Saturday, March 28, 2020

Season Changes

I’ve noticed that season changes bring reflection on where I am, where I was last year, and where I’m going.  Perhaps I have always done this, but it is a richer experience since my leukemia diagnosis last May.  Each new season changes the physical world, marking the passage of time in a way I cannot deflect.  My difficulty tolerating the medication coupled with my inborn impatience makes these reminders unwelcome.  

Anticipation is powerful, whether for good or bad outcomes.  Optimism grows with anticipation of joy.  My optimism rides on a realistic forecast of when I expect to have side effects under control.  Why have a goal at all?  For me figuring out a reasonable timeline based on what I know gives me something to work towards.   Having an identified schedule gives the process more emotional credibility, carries it past wishful thinking.  I had set a plan for the beginning of winter 2019, very conservative at the outset, giving me room to succeed on a path where I have limited personal control.  I’ve passed that deadline.  I had thought to reschedule to May.  A dose reduction in February made spring seem realistic.  But some persistent problems and delays in access to medical care during the pandemic are pushing that out.  I don’t have enough information right now to come up with a new target for my anticipation.  I’m working on that, always happier with steps I can take.  

I’m not the only one to put plans on hold during the pandemic shut down.  It is so very hard to let go of plans we anticipated, joy and success in the future.  The unknown conclusion of this shut down makes this so much more difficult.  When will we be able to go out? Will we get the virus?  Will we still have jobs?  Will we be okay?  Will our friends and family all be with us still?  How much suffering will we witness even if it stays outside our own circle?   Big problems foisted on us by a powerful natural world and a significant population of ignorant and self-serving people, neither of which we can directly control.

The best I can do with longer term plans this spring is keep thinking on them until such time as they again become relevant.  So I’m making a collection of little plans, from simple preparations for lambing through finishing the front of the shop and bedroom renovations.  I may not complete or even get to the bigger projects, but I’ve learned to serenely relegate unnecessary tasks to the fuck it list.  Meanwhile the work and anticipation of the outcomes provide a welcome distraction, something to point anticipation in the right direction.  I’m working on Drum’s shed and trying to get John Henry trained up.  Should the trial season resume then I’ll pull my trial plans out of the closet.  Given that I sat out most of last year I will not focus on qualifying for nationals.  I plan to put aside my disappointment at having lost the trial season and nationals the only way I know how, replacing them with new plans and goals.  I plan to honor social distancing, playing my part both personally and as an example. 

May we all find new ways to anticipate each morning.

Saturday, March 21, 2020

Go with your gut


Your gut is for eating, not thinking.

The “go with your gut” mantra glorifies emotional decisions.  Go with your gut gives you permission to be delightfully frivolous.  It also gives you permission to be selfish, fearful, and bigoted.  It allows you to blame everyone but yourself.  Go with your gut adds imagined credibility to arguments only because they reinforce your current view of the world.  It leaves you vulnerable to any speaker clever in the use of emotional hooks.  Go with your gut allows you to read past the holes in their argument, then fight to hold onto the conclusion all the more frantically when you are trying to stand on the pitted ground of imagined truths.

Sure there are places to go with your gut.  It is great for picking a puppy, choosing a color for your house, deciding what flavor of ice cream to enjoy. 

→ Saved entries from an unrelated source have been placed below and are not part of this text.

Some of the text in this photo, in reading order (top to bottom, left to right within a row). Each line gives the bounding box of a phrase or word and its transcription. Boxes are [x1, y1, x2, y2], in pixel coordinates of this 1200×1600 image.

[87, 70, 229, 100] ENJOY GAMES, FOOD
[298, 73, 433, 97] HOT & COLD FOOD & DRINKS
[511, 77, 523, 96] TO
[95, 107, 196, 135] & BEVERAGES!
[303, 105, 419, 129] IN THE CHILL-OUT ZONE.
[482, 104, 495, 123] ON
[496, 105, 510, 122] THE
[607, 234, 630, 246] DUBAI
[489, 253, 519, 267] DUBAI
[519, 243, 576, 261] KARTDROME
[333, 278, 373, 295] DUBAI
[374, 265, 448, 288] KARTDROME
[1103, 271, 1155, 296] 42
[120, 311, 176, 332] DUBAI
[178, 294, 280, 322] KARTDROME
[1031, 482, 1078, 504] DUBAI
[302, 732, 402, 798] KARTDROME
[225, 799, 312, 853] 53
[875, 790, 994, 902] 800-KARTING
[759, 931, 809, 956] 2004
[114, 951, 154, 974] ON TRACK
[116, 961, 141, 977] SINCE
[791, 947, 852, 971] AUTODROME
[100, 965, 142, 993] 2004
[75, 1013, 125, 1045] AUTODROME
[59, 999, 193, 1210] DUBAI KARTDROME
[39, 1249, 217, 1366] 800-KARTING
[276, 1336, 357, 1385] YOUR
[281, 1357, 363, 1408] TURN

If the decision will have a serious impact on your life, the lives of loved ones, or the lives of any other living beings, please take the time to research the facts.  Please take the time to consider whether you may be discounting the validity of data because it you find that data uncomfortable.  Take the time to consider where you may be accepting of data because you want it to be true.

Friday, March 13, 2020

Thank you.


Thank you, thank you all.  Thank you to the governors declaring a state of emergency so their states can better support the efforts to manage this pandemic.  Thank you to the mayors and local governments working hard to provide the necessary leadership and resources to get us through this crisis.  Thank you to the businesses setting up for staff to work from home.  Thank you to the companies offering free software and services to help organizations setup to function remotely.  Thank you to organizations cancelling events, often at great cost.   Thank you to the many individuals who are staying home, either because they understand the importance of slowing the transmission of this virus early, or because despite being unsure they are willing to make some personal sacrifice to save lives of people they have never met.  Thank you, thank you, thank you to the health care workers and scientists who are in overdrive trying to manage this public health crisis.

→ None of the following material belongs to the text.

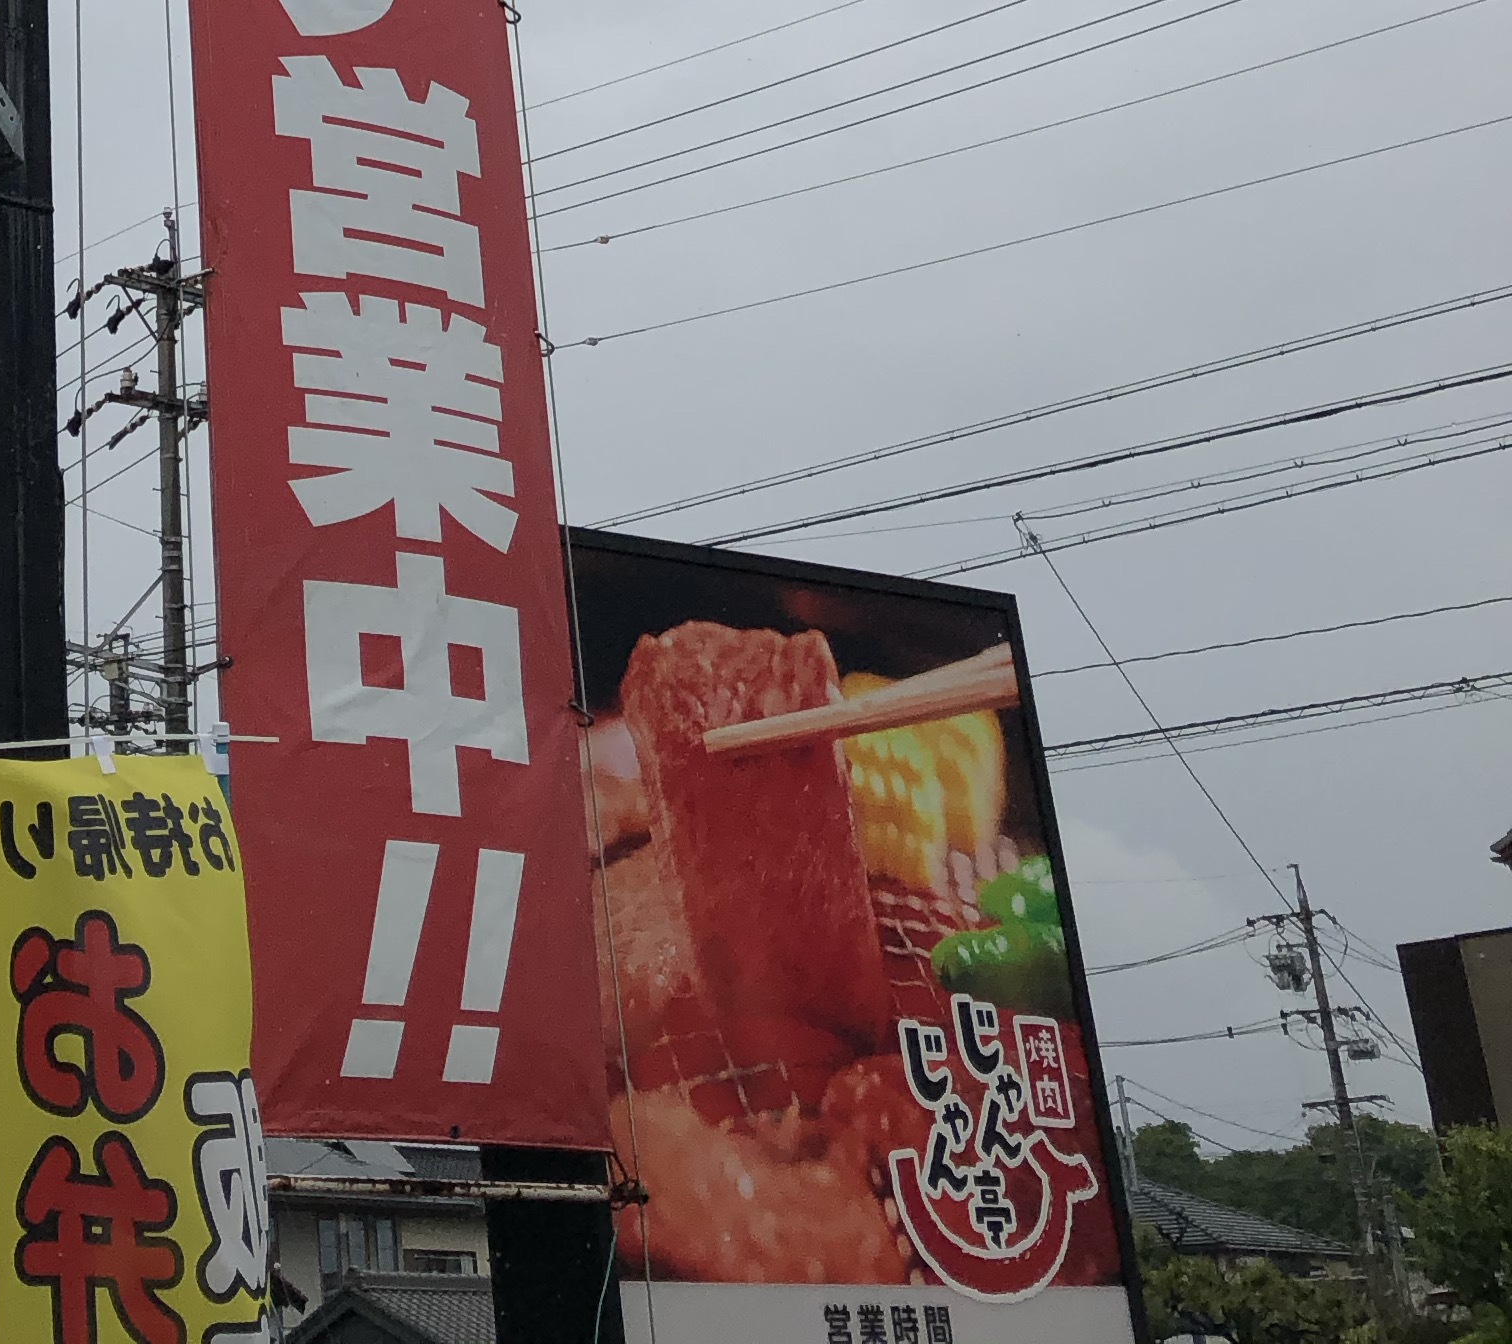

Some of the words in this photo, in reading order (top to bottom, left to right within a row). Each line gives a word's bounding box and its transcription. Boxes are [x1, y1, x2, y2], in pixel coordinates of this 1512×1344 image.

[1025, 1028, 1065, 1116] 焼肉
[822, 1302, 954, 1344] 営業時間

Every time I hear another closing, cancellation, state of emergency, individual saying they’ve decided to forego events or stay home altogether it reminds me that the human race is mostly comprised of decent people, capable people, and people who care.  In the vacuum of federal leadership there has been a swell of leadership from states, businesses, local governments, schools, churches, clubs, and from individuals who are determined to do the right thing.  People are awesome.  Thank you.